Scenario 1: Company Mistake (Product Not Received)

This scenario represents a situation where the company has clearly made an error—for instance, failing to fulfill or ship an order. In such cases, it may be appropriate to accept the dispute rather than contest it.

payment = stripe.PaymentIntent.create(
  amount=2000,
  currency="usd",
  payment_method = "pm_card_createDisputeProductNotReceived",
  confirm=True,
  metadata={"order_id": "1234"},
  off_session=True,
  automatic_payment_methods={"enabled": True},
)
relevant_data, triage_result = await process_dispute(payment.id, triage_agent)

Scenario 2: Customer Dispute (Final Sale)

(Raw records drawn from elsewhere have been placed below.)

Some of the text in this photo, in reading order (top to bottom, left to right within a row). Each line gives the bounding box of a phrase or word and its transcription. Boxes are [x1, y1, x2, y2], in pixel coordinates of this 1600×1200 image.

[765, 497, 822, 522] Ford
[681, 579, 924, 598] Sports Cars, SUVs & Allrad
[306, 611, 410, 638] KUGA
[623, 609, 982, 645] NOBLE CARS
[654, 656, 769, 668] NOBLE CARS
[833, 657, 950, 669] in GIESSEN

This scenario describes a situation where a customer intentionally disputes a transaction, despite having received the correct product and being fully aware that the purchase was clearly marked as a "final sale" (no refunds or returns). Such disputes typically require further investigation to collect evidence in order to effectively contest the dispute.

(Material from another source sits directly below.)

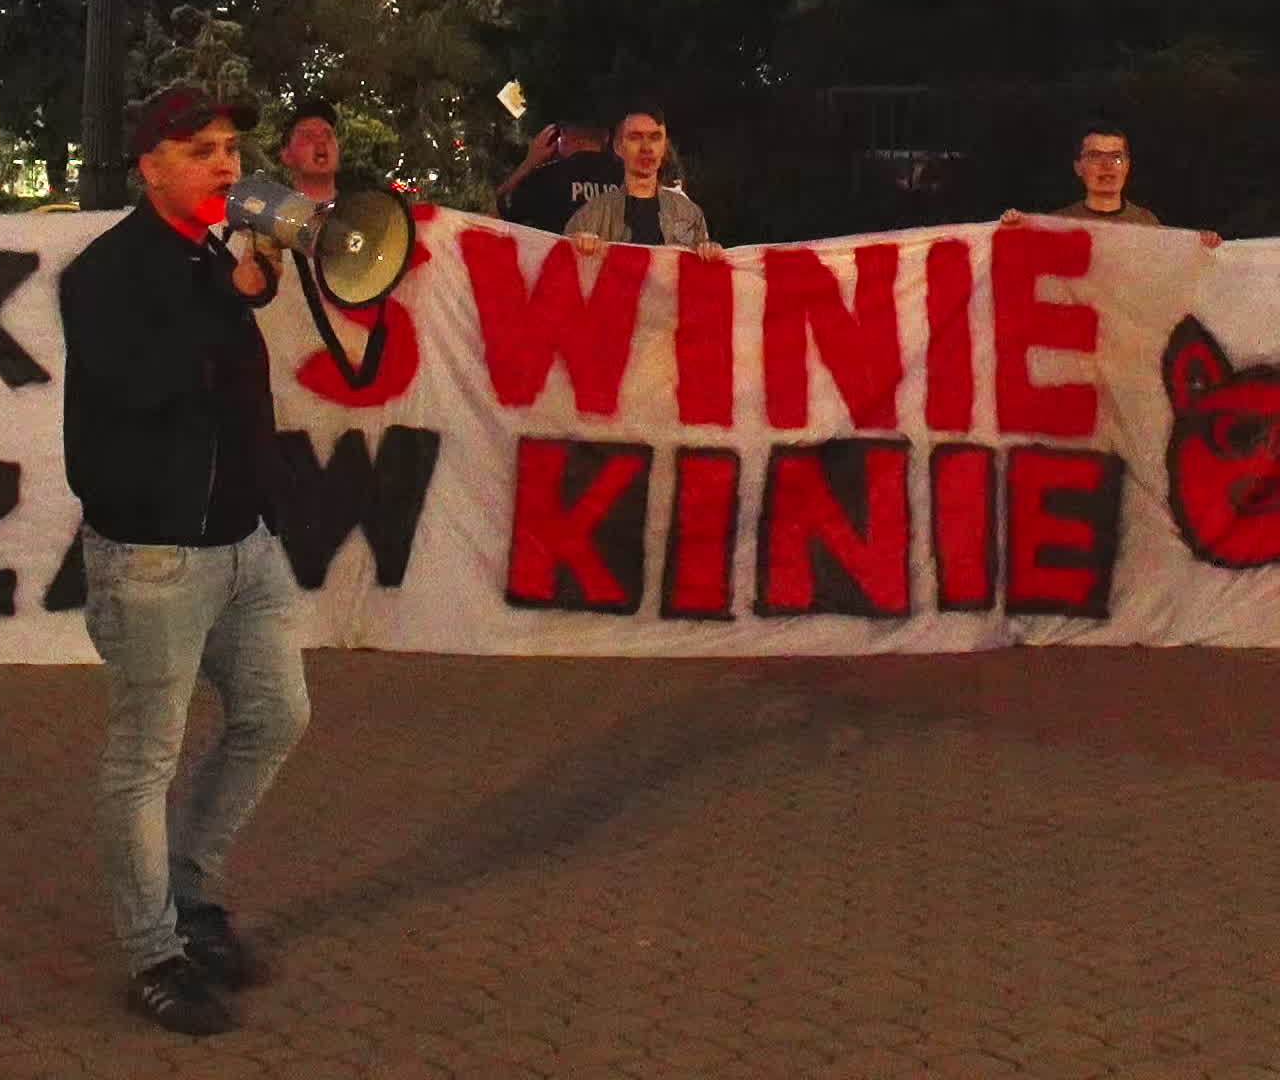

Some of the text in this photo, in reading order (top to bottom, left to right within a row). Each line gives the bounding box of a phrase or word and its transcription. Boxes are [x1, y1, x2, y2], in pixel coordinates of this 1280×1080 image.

payment = stripe.PaymentIntent.create(
  amount=2000,
  currency="usd",
  payment_method = "pm_card_createDispute",
  confirm=True,
  metadata={"order_id": "1121"},
  off_session=True,
  automatic_payment_methods={"enabled": True},
)
relevant_data, triage_result = await process_dispute(payment.id, triage_agent)

Conclusion

In this Jupyter Notebook, we explored the capabilities of the OpenAI Agents SDK, demonstrating how to efficiently create agent-based AI applications using a simple, Python-first approach. Specifically, we showcased the following SDK features:

  • Agent Loop: Manages tool calls, communicates results to the LLM, and loops until completion.
  • Handoffs: Enables coordination and delegation tasks between multiple specialized agents.
  • Function Tools: Converts Python functions into tools with automatic schema generation and validation.

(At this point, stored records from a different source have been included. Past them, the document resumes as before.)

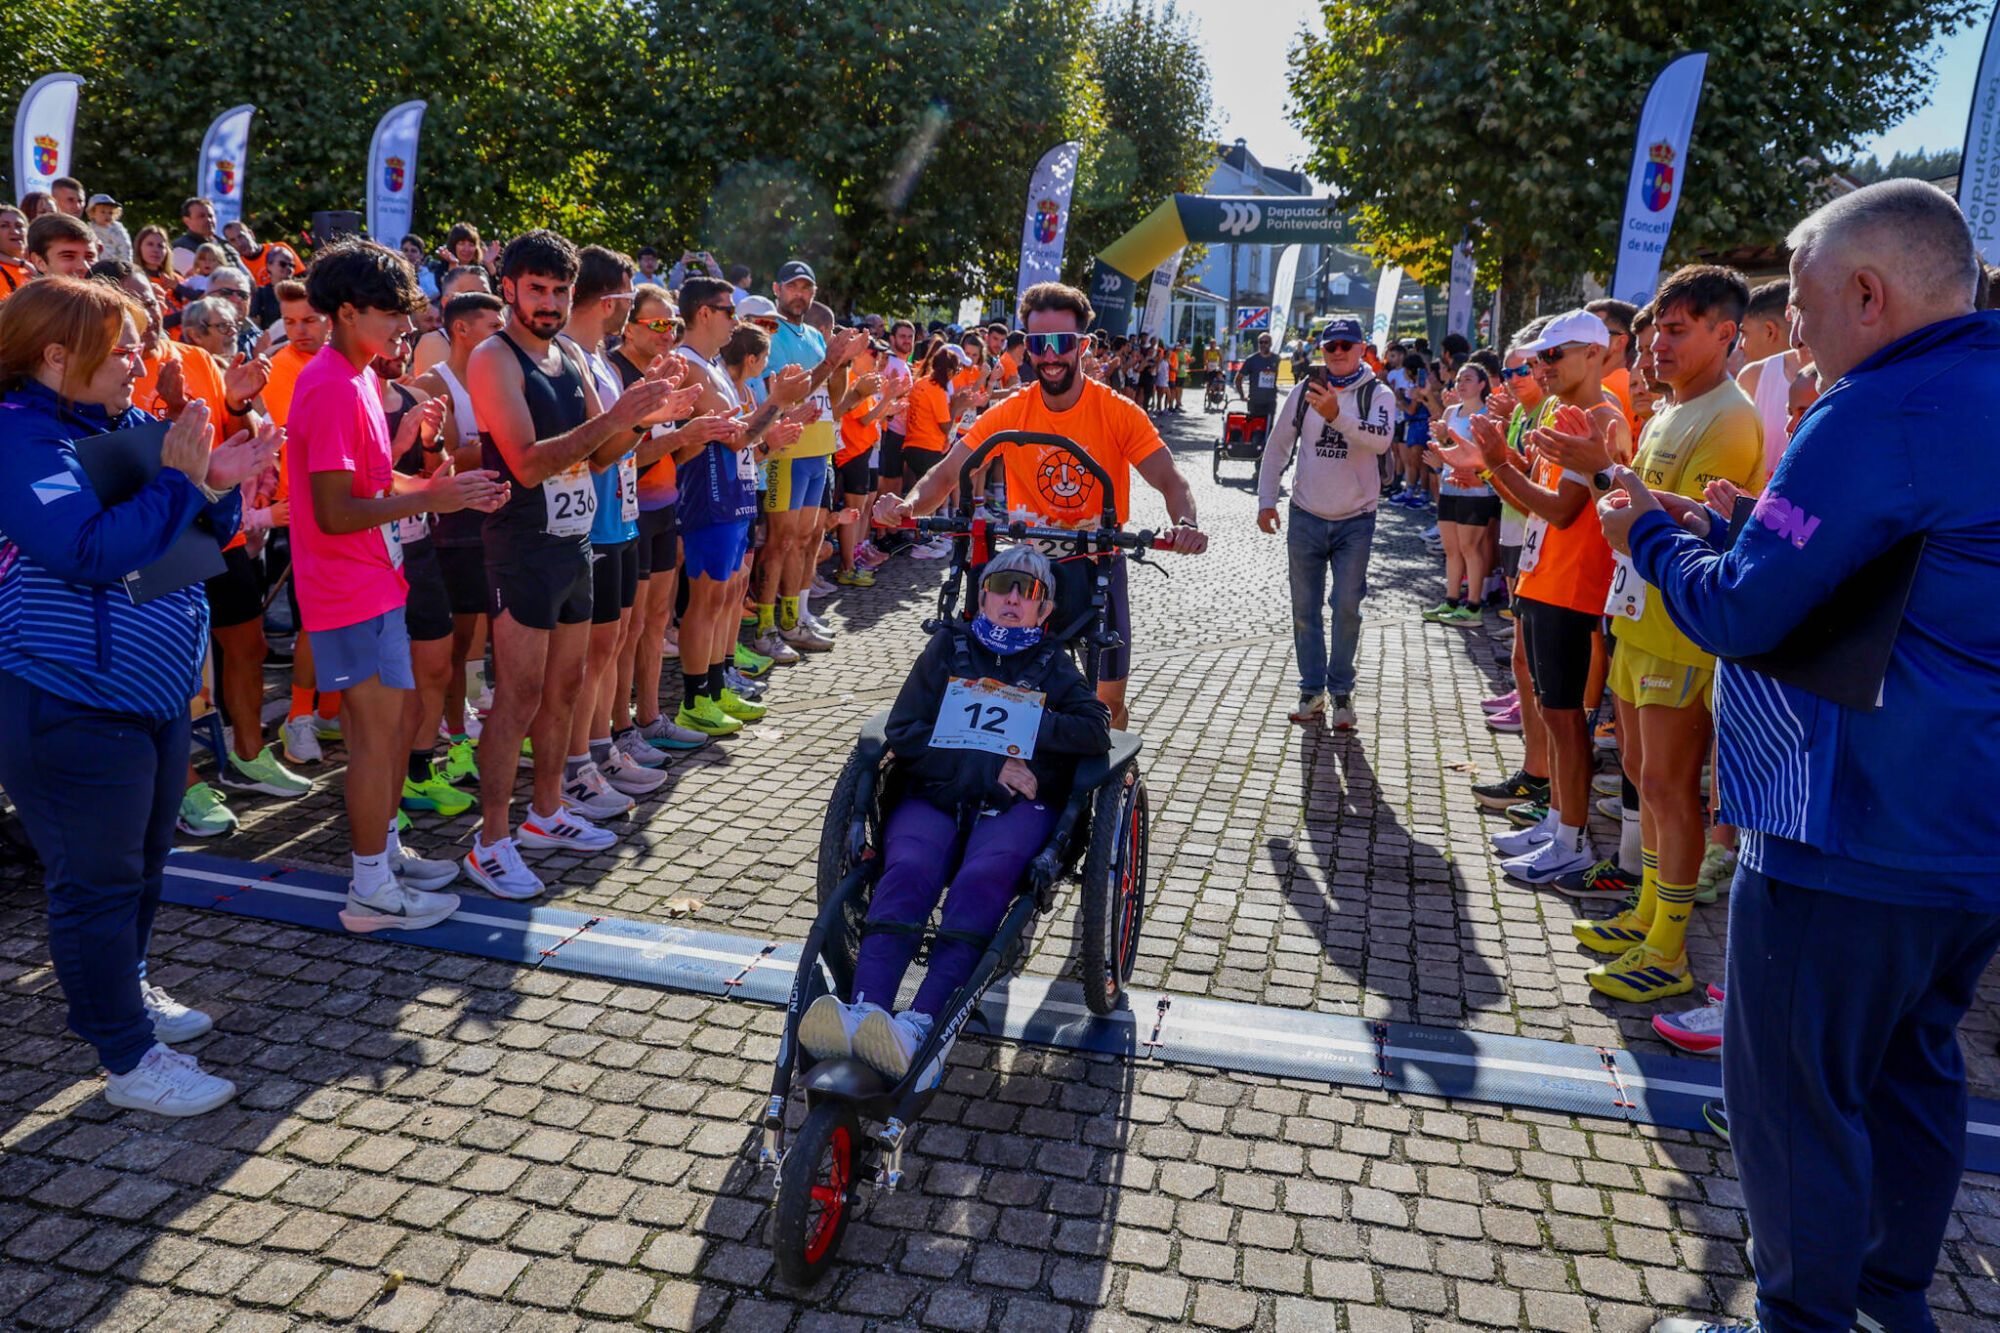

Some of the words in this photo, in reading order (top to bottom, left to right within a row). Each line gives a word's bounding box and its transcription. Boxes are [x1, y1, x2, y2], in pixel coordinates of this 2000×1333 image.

[1266, 218, 1342, 230] Pontevedra
[1627, 239, 1640, 251] de
[810, 395, 833, 411] 70
[1315, 447, 1348, 460] VADER
[554, 487, 595, 520] 236
[963, 702, 1009, 735] 12

Additionally, the SDK offers built-in Tracing, accessible via the OpenAI dashboard. Tracing helps you visualize, debug, and monitor your agent workflows during both development and production phases. It also integrates smoothly with OpenAI’s evaluation, fine-tuning, and distillation tools.

While we didn't cover it directly in this notebook, implementing Guardrails is strongly recommended for production applications to validate inputs and proactively detect errors.

Overall, this notebook lays a clear foundation for further exploration, emphasizing how the OpenAI Agents SDK facilitates intuitive and effective agent-driven workflows.